- Genre: Action; Comedy;
- Based on: Characters created by Hal Needham
- Written by: Chris Abbott Brock Yates David Chisholm Jay Huguely
- Directed by: Hal Needham
- Starring: Brian Bloom Brian Krause
- Composers: Steve Dorff Velton Ray Bunch
- Country of origin: United States
- Original language: English
- No. of episodes: 4

Production
- Cinematography: Michael Shea
- Editor: Stephen Lovejoy
- Running time: 91–94 minutes
- Production company: Universal Television

Original release
- Network: Syndication
- Release: January 30 – April 10, 1994

= Bandit (film series) =

Bandit is a 1994 American action comedy television series directed by Hal Needham and produced by Universal Television for the Action Pack programming block, starring Brian Bloom as the son of Bo "Bandit" Darville, and Brian Krause as Lynn. It is the fourth installment in the Smokey and the Bandit franchise.

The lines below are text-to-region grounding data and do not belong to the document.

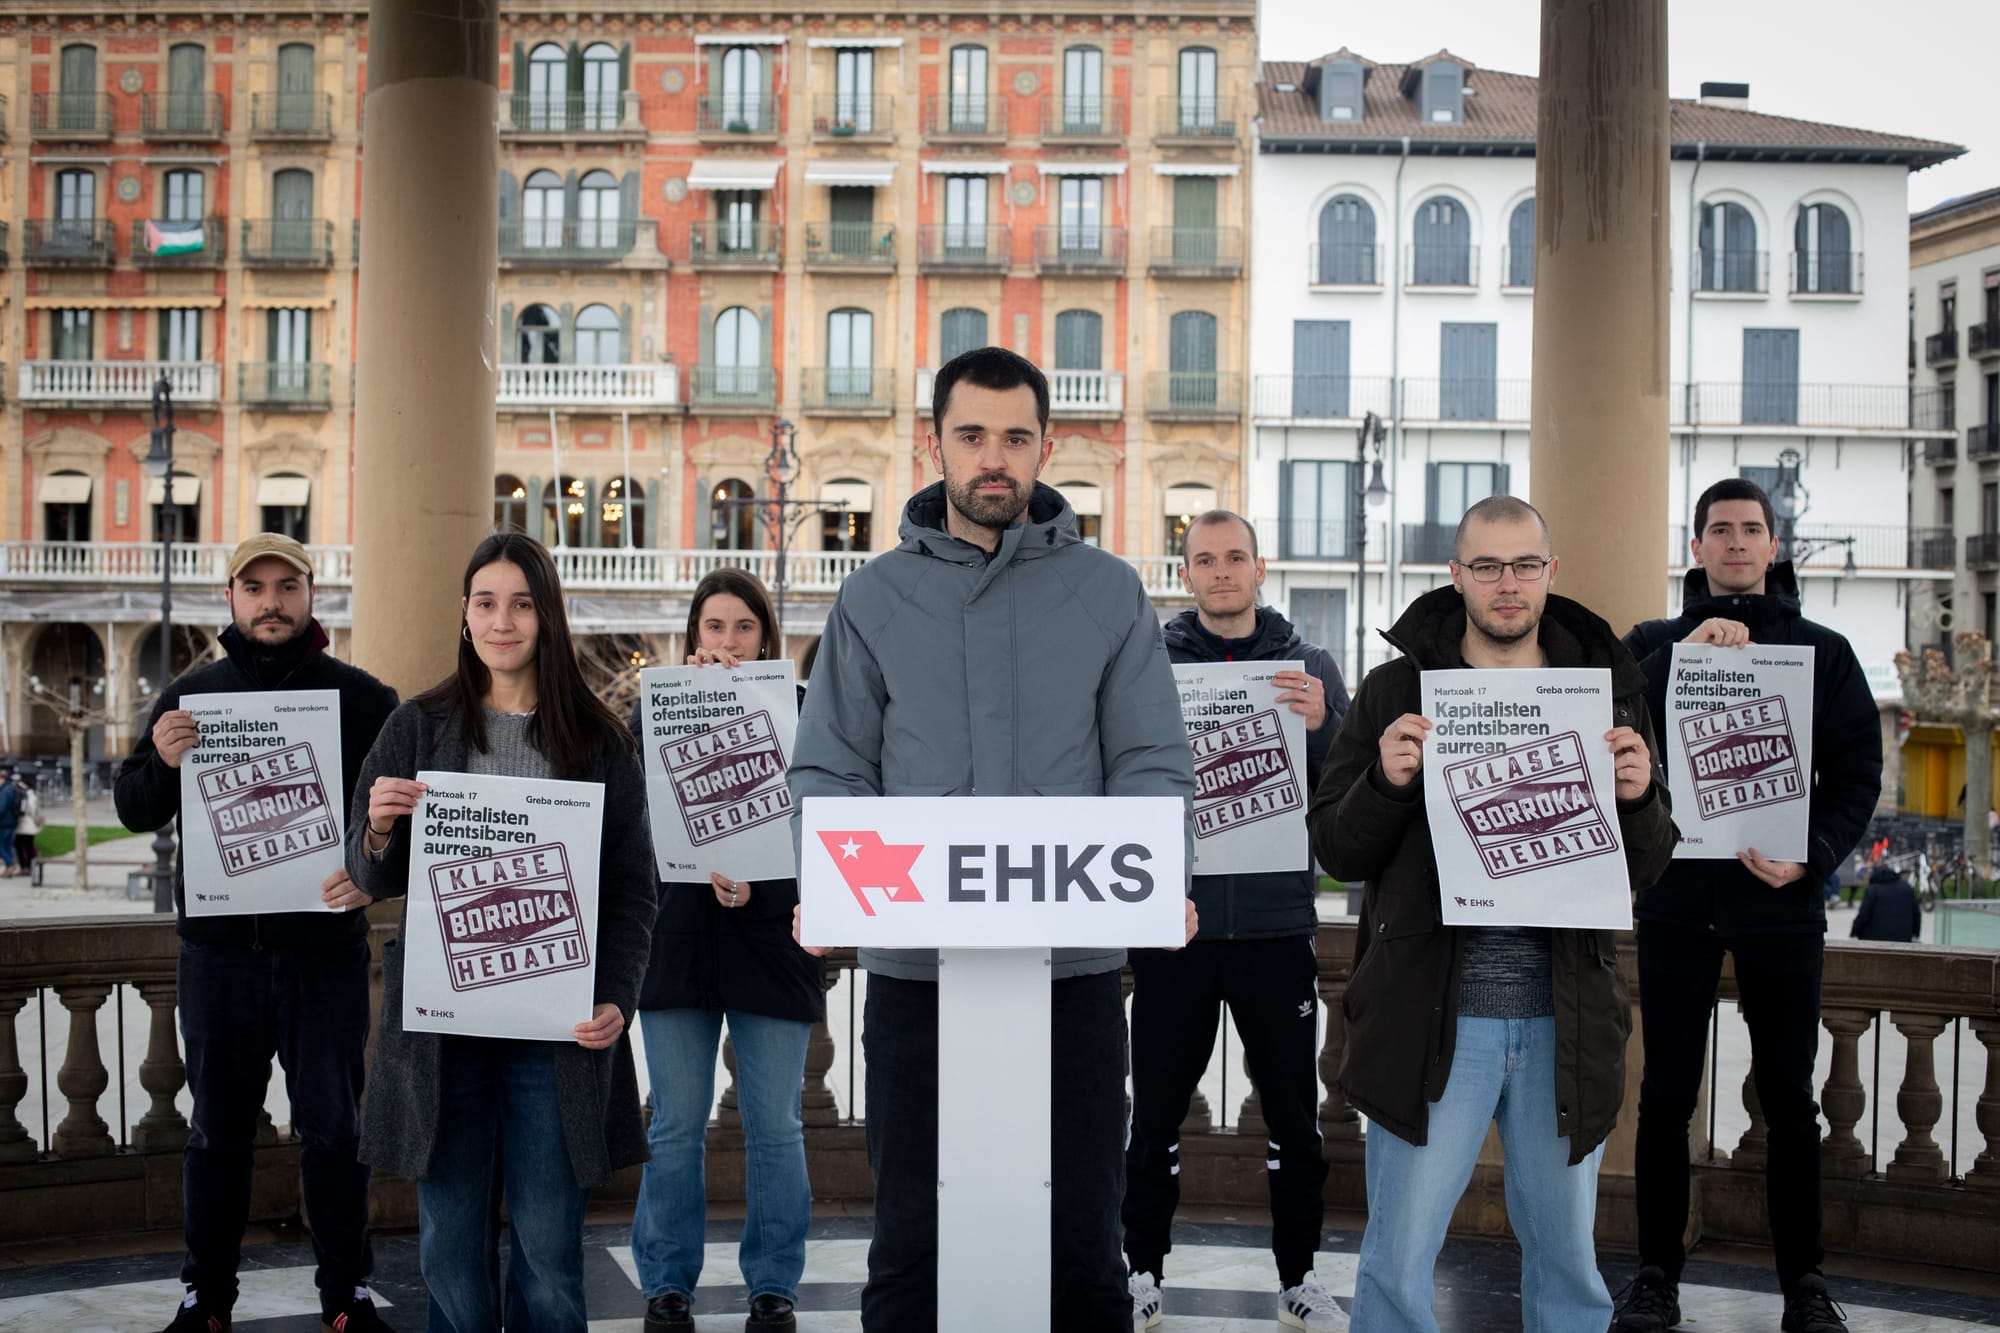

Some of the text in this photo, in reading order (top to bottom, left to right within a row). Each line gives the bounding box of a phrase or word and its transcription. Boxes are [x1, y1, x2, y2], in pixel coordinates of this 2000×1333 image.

[1751, 658, 1804, 667] Greba orokorra
[1677, 668, 1755, 683] Kapitalisten
[651, 681, 682, 689] Martxoak
[1435, 687, 1487, 696] Martxoak 17
[1536, 685, 1600, 694] Greba orokorra
[1675, 683, 1761, 697] ofentsibaren
[651, 690, 737, 707] Kapitalisten
[1181, 688, 1247, 703] pitalisten
[652, 704, 745, 722] ofentsibaren
[1181, 703, 1254, 716] entsibaren
[1435, 701, 1541, 720] Kapitalisten
[1675, 700, 1726, 711] aurrean
[653, 723, 710, 737] aurrean
[1184, 720, 1220, 731] rean
[1436, 719, 1550, 736] ofentsibaren
[1694, 705, 1771, 738] KLASE
[678, 721, 757, 764] KLASE
[1436, 740, 1507, 755] aurrean
[191, 752, 250, 764] aurrean
[1695, 737, 1790, 777] BORROKA
[215, 753, 298, 792] KLASE
[1464, 744, 1564, 790] KLASE
[681, 752, 780, 802] BORROKA
[426, 789, 477, 800] Martxoak 17
[526, 796, 591, 808] Greba orokorra
[1703, 775, 1797, 813] HEDATU
[217, 785, 320, 832] BORROKA
[425, 803, 529, 826] Kapitalisten
[693, 789, 790, 838] HEDATU
[1199, 786, 1294, 831] HEDATU
[1469, 784, 1588, 832] BORROKA
[424, 821, 537, 844] ofentsibaren
[228, 823, 331, 868] HEDATU
[423, 840, 493, 857] aurrean
[1488, 828, 1607, 870] HEDATU
[449, 853, 548, 891] KLASE
[948, 843, 1155, 903] EHKS
[1470, 899, 1495, 907] EHKS
[450, 893, 570, 938] BORROKA
[458, 939, 579, 982] HEDATU
[431, 1010, 455, 1019] EHKS

The show premiered on January 30, and its last episode aired on April 10, 1994.

The series serves as a standalone sequel to Smokey and the Bandit Part 3 (1983) and a reboot set in 1994. Instead using the then newly released fourth generation Pontiac Trans Am at the time, the car featured as "Bandit One" in this series is a Dodge Stealth, while the original Smokey and the Bandit trilogy introduced two generations of the Pontiac Trans Am, the first two films both featured a second-generation Trans Am, while the third film featured a third-generation Trans Am.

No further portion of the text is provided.